Doação de sangue no Brasil
Fernando Frazão / Agência Brasil
Resumo
Estatísticas da doação de sangue: Até maio de 2025, o Brasil registrou 831.518 bolsas de sangue coletadas e 3.178.138 transfusões realizadas, apresentando um aumento de 2,9% em relação ao ano anterior. A taxa de doação voluntária se manteve em 1,6% da população, conforme a meta mínima da OMS.
Funcionamento dos bancos de sangue: Os bancos de sangue no Brasil, coordenados pelo Ministério da Saúde e integrados ao SUS, são cruciais para cirurgias, tratamentos e emergências, operando sob rígidos protocolos para garantir a segurança do sangue coletado e distribuído.
Processo e critérios para doação: A doação de sangue envolve cadastro, triagem, coleta de cerca de 450 ml de sangue, testes para doenças transmissíveis e processamento em componentes. Doadores devem atender a critérios específicos de idade, peso e saúde para contribuir.
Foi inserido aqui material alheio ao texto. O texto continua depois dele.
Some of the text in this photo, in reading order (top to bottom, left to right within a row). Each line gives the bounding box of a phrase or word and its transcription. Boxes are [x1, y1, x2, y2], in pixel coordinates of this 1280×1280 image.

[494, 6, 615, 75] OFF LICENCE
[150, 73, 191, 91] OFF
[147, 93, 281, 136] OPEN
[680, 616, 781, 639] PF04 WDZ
Até maio de 2025, o Brasil coletou 831.518 bolsas de sangue, enquanto o total de transfusões realizadas chegou a 3.178.138 — um aumento de 2,9% em relação ao ano anterior. Em 2024, foram registradas 3.310.025 doações, alta de 1,9% em comparação com 2023. A taxa de doação voluntária permanece em 1,6% da população, dentro da meta mínima recomendada pela Organização Mundial da Saúde (OMS), que sugere entre 3% e 5% para garantir a segurança dos estoques.
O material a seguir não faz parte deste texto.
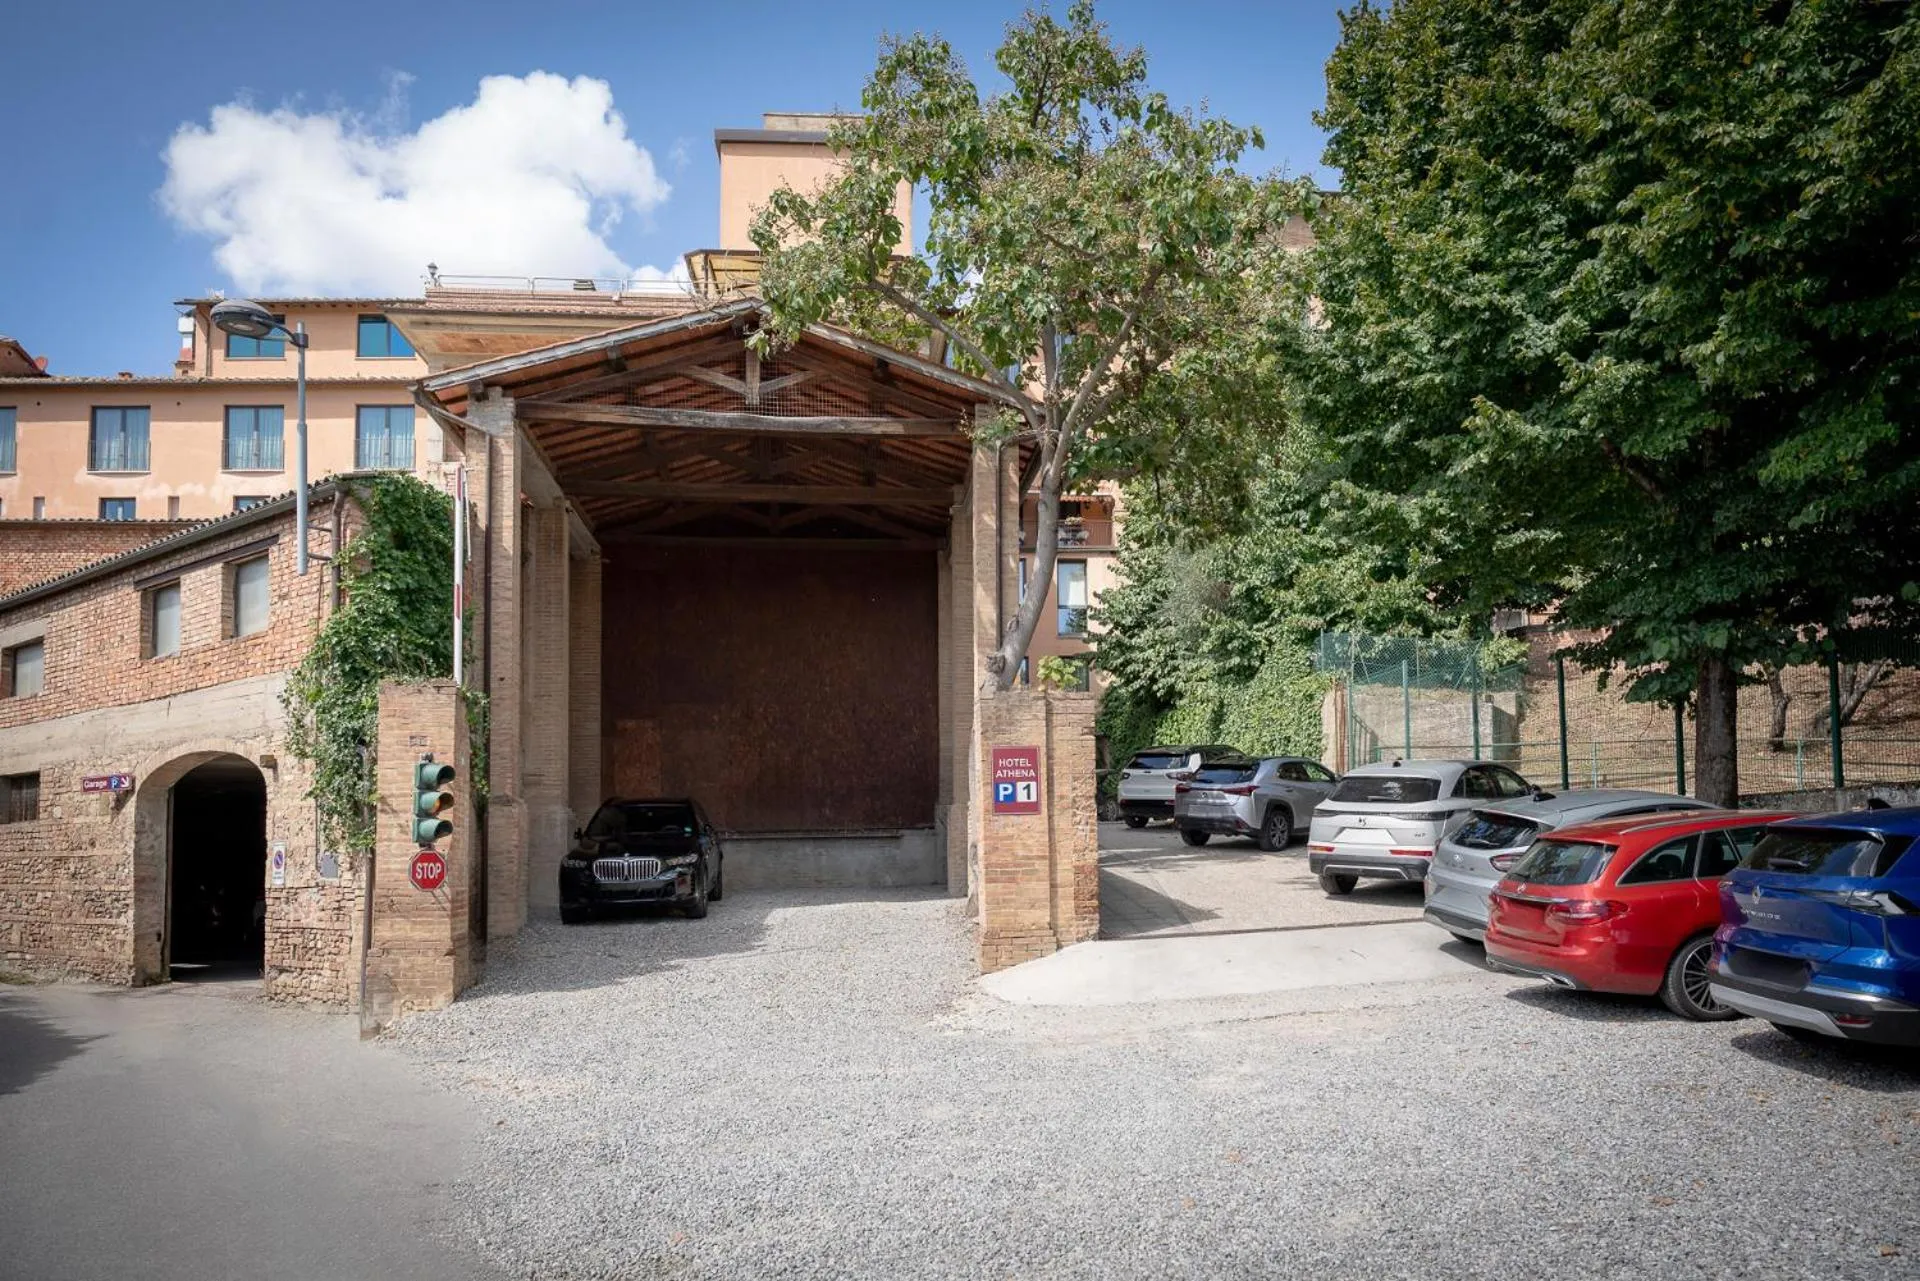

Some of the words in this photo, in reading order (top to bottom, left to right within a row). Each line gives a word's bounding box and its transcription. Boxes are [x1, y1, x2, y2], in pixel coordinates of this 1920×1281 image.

O que são os bancos de sangue?
Os bancos de sangue no Brasil são serviços essenciais de saúde responsáveis por coletar, processar, testar, armazenar e distribuir sangue e seus componentes para hospitais e unidades médicas. Eles são fundamentais para cirurgias, tratamentos crônicos, emergências e atendimentos oncológicos.
Todo o sistema funciona de forma gratuita e voluntária, integrado ao Sistema Único de Saúde (SUS). A coordenação é feita pelo Ministério da Saúde, em parceria com a Anvisa e as Secretarias Estaduais e Municipais de Saúde, por meio da Hemorrede Nacional. O sangue não pode ser vendido nem comprado, e o processo de coleta segue protocolos rigorosos para garantir a segurança de doadores e pacientes.
Como é feito o processo de doação?
A doação começa com cadastro e triagem clínica, onde o doador responde a perguntas sobre sua saúde e histórico médico. Se estiver apto, são coletados cerca de 450 ml de sangue, além de amostras para exames laboratoriais. O sangue passa por testes para detectar doenças transmissíveis como HIV, hepatites B e C, sífilis e HTLV.
Em seguida, é processado e separado em hemácias, plasma e plaquetas, que são armazenados e distribuídos conforme a necessidade dos pacientes. Todo o material usado é esterilizado e descartável, e o procedimento completo dura cerca de 40 minutos.
Quem pode doar sangue?
Para doar sangue no Brasil, é necessário atender a critérios como:
- Ter entre 16 e 69 anos (menores de 18 precisam de autorização dos responsáveis);
- Pesar mais de 50 kg;
- Estar em boas condições de saúde no momento da doação;
- Estar alimentado e descansado;
- Apresentar documento oficial com foto.
Há restrições temporárias, como febre, uso de certos medicamentos ou viagens recentes ao exterior, além de restrições definitivas, conforme o histórico médico e hábitos do doador.
Para que o sangue doado é usado?
O sangue doado é usado em:
- Cirurgias de grande porte;
- Tratamento de anemias graves e doenças hematológicas, como leucemia e talassemia;
- Acidentes, queimaduras e emergências;
- Transfusões para gestantes e recém-nascidos.
Cada bolsa de sangue pode beneficiar até quatro pessoas, já que seus componentes são utilizados de forma separada.
Estoques e emergências regionais
Os estoques de sangue variam ao longo do ano, com quedas frequentes durante feriados, férias escolares e surtos respiratórios. No início de 2025, por exemplo, o Hemocentro de Ribeirão Preto (SP) operava com níveis críticos para os tipos A‑, B‑ e O‑, com estoques entre 20% e 50% do ideal.
A recomendação é que a doação seja feita de forma regular. Homens podem doar até quatro vezes por ano, com intervalo mínimo de 60 dias; mulheres, até três vezes ao ano, com intervalo de 90 dias.
Quem coordena os bancos de sangue?
A Hemorrede Nacional é coordenada pelo Ministério da Saúde, com regulação da Anvisa. A estrutura é composta por:
- Hemocentros públicos, como o Hemorio (RJ) e a Fundação Pró-Sangue (SP);
- Bancos de sangue hospitalares;
- Serviços privados habilitados.
Todas essas unidades seguem protocolos unificados de coleta, testagem, processamento e distribuição de sangue e seus derivados.